Of a unique and particular challenge, though, is caring for those with developmental disabilities, particularly as caregivers age or the children become adults, and government and community support systems change and some drop off. Then the bureaucratic labyrinth becomes especially burdensome to navigate, and wait lists seem interminable.
In a scathing indictment of Ontario’s Ministry of Community and Social Services’ response to crises with adults who have developmental disabilities, titled Nowhere to Turn, the ombudsman’s office last week said Ontario has been complicit in a “systemic failure to help desperate families who are unable to care for loved ones with developmental disabilities,” and that “has left vulnerable people in dire and often dangerous circumstances.”
The stories are heartbreaking.

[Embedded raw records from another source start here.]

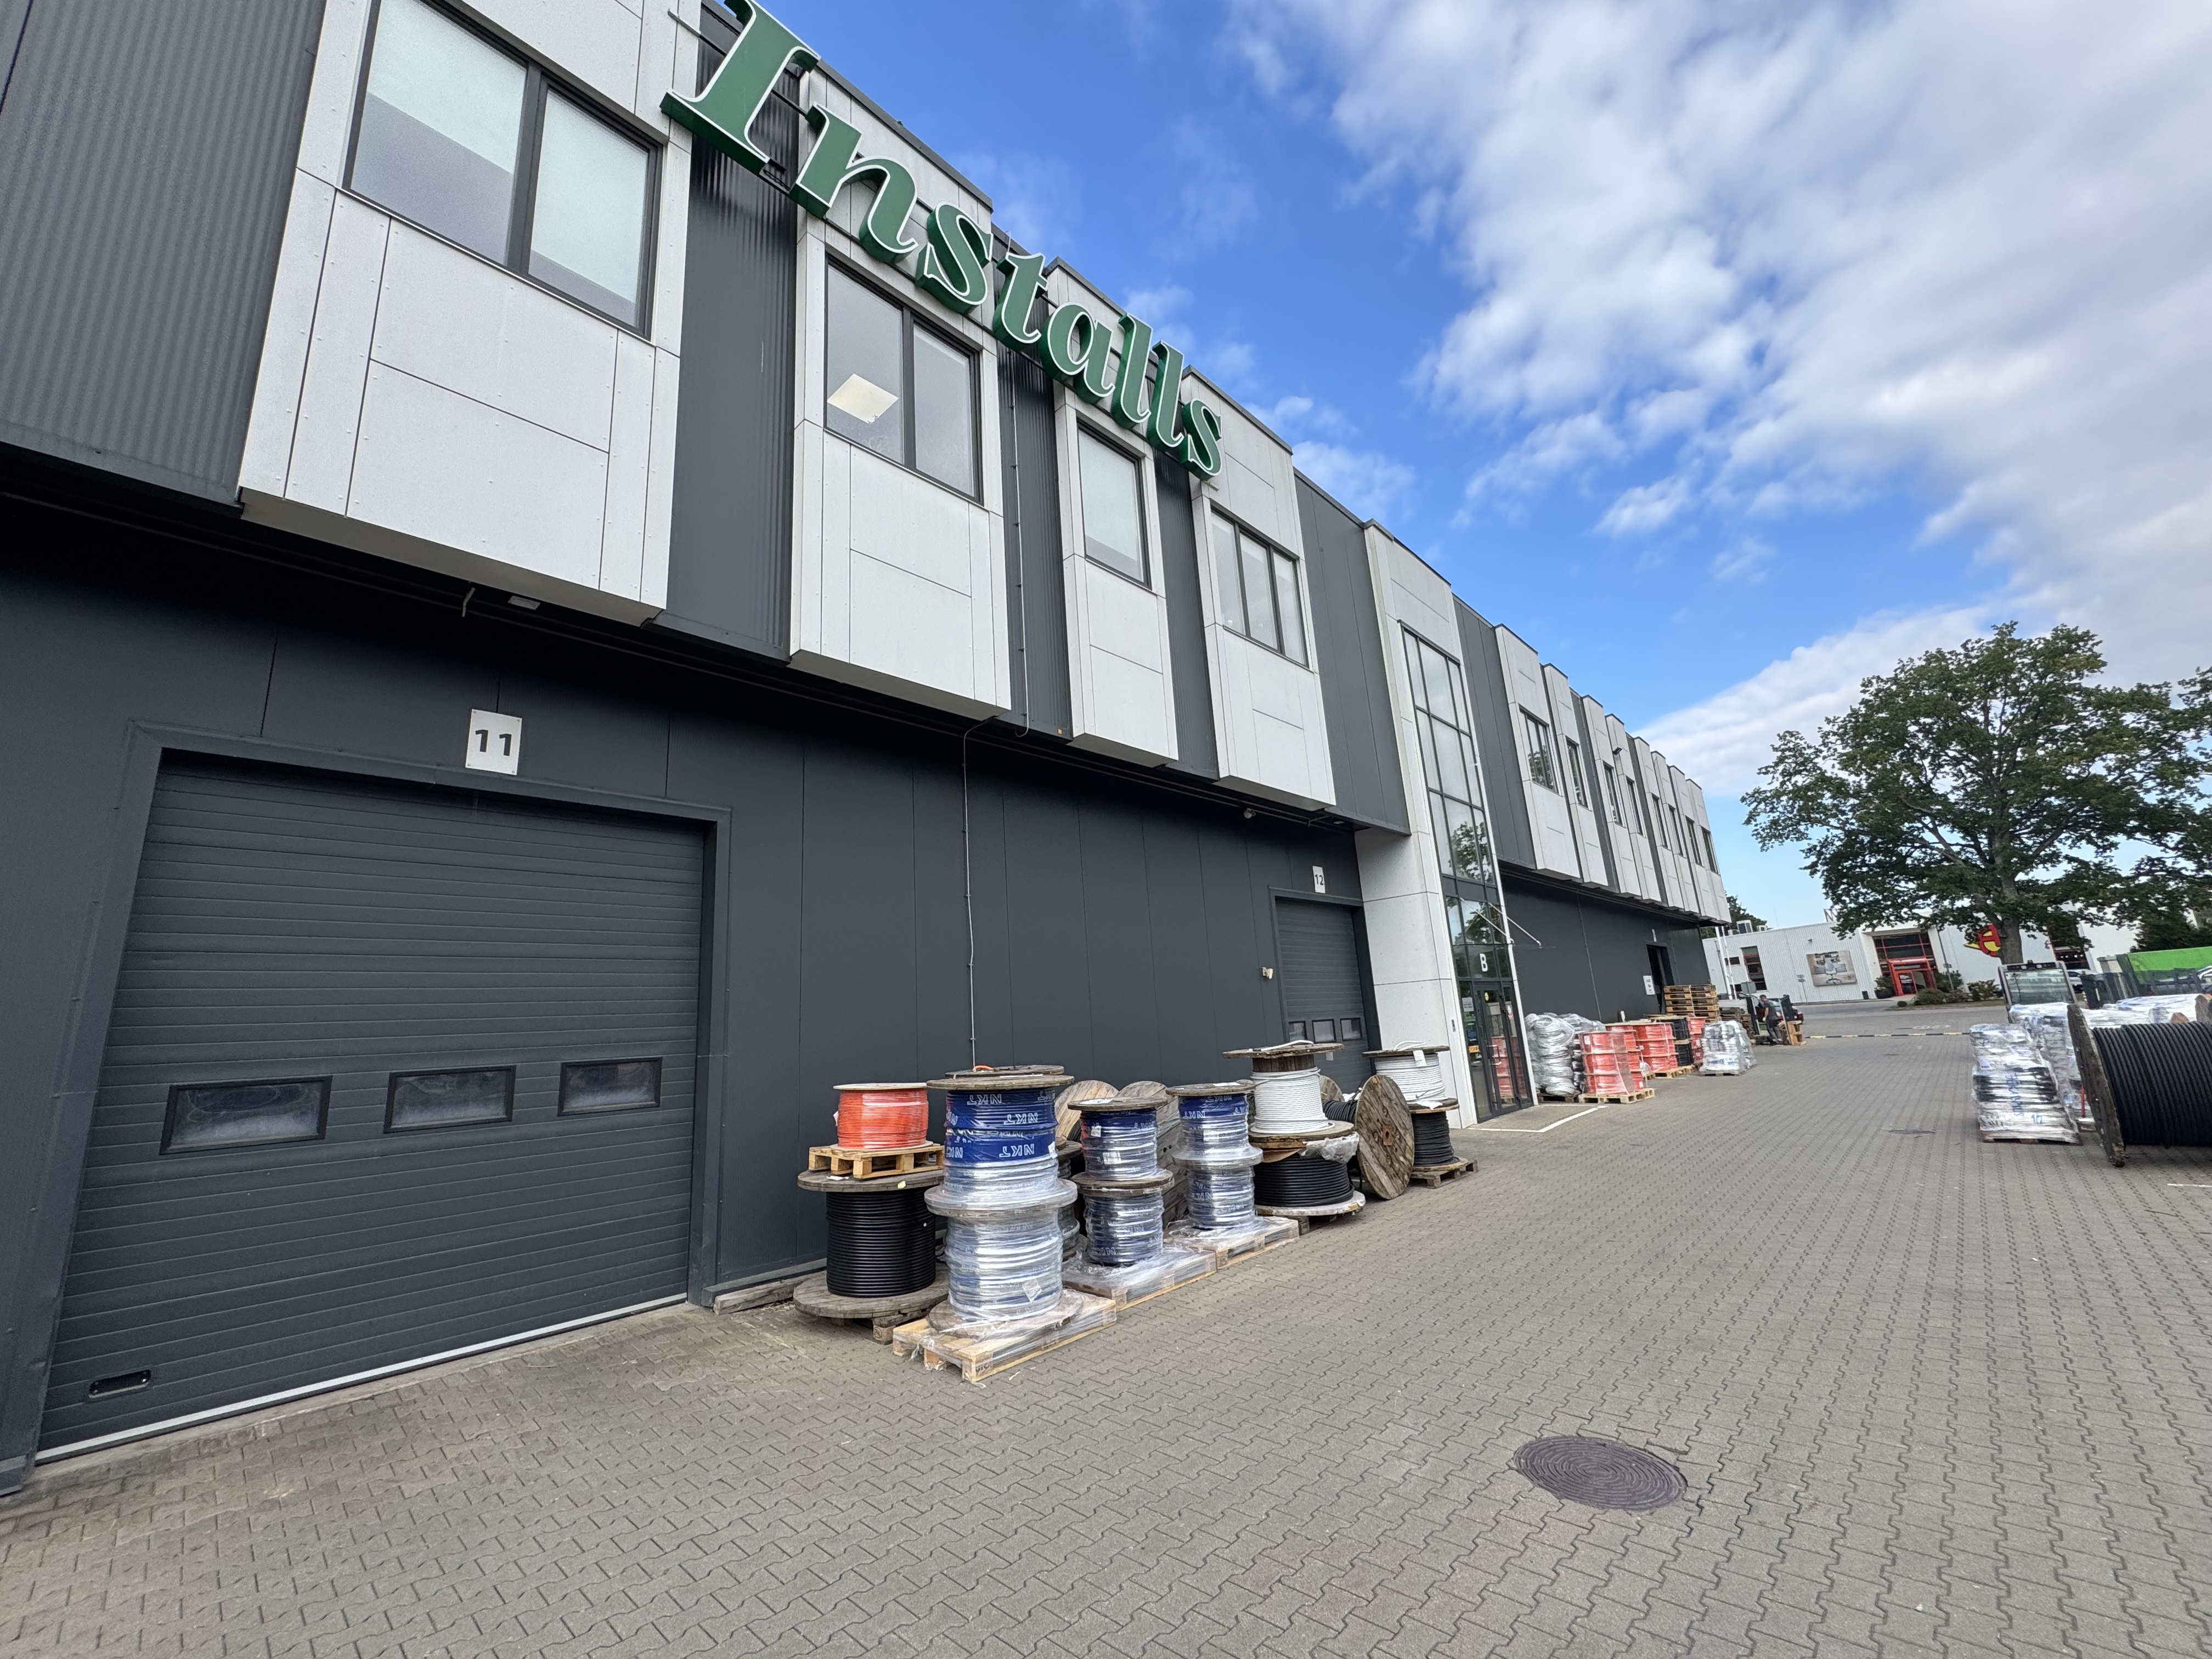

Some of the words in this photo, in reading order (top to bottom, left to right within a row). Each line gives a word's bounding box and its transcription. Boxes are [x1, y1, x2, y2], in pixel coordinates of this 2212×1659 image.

[659, 0, 1222, 479] Installs
[475, 729, 512, 757] 11
[1314, 874, 1324, 885] 12
[1479, 953, 1488, 972] B
[967, 1094, 1002, 1105] NKT
[1003, 1113, 1039, 1125] NKT
[999, 1143, 1035, 1158] NKT

As the report notes: “Some were on the brink of crisis, others firmly in its midst.” It details sexual abuse in nursing homes, finds some people housed in hospitals and others in homeless shelters, others still in prison.

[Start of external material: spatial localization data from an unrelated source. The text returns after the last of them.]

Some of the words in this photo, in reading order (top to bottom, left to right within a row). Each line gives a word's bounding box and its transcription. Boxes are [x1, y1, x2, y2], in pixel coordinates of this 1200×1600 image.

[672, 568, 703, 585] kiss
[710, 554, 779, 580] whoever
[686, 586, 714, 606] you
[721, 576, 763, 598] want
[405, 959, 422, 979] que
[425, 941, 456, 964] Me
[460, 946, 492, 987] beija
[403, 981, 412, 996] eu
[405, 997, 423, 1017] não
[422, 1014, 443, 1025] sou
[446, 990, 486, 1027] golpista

Not every one of the 62,000 adults with developmental disabilities are in crisis, but the system is challenging even for those who aren’t in need of urgent care. A huge issue is that when people with developmental disabilities become adults and leave school, family is left to care for them, and, to some extent, finance care and find them programming or funding, which is delivered around the province in a fragmented fashion.
The province must find a way to help families navigate the system pre-emptively, while figuring out how to help those in crisis. The ombudsman’s 60 recommendations provide something of a framework.
The government also needs to look at what is leading to crisis. Only one recommendation, it appears, deals with the transition to adulthood, referring to “medically complex” cases. But, the importance of this transition is noted in the report.
Governments have a habit of responding insufficiently to ombudsman reports. Rightly, the government has stepped up funding to $2 billion annually in its April 2014 budget, and Minister of Community and Social Services Helena Jaczek has agreed to all the recommendations. We must hold her to it. It’s cliché by now to say that societies are judged by how they treat their most vulnerable. That doesn’t make it any less true. Ontario is being judged.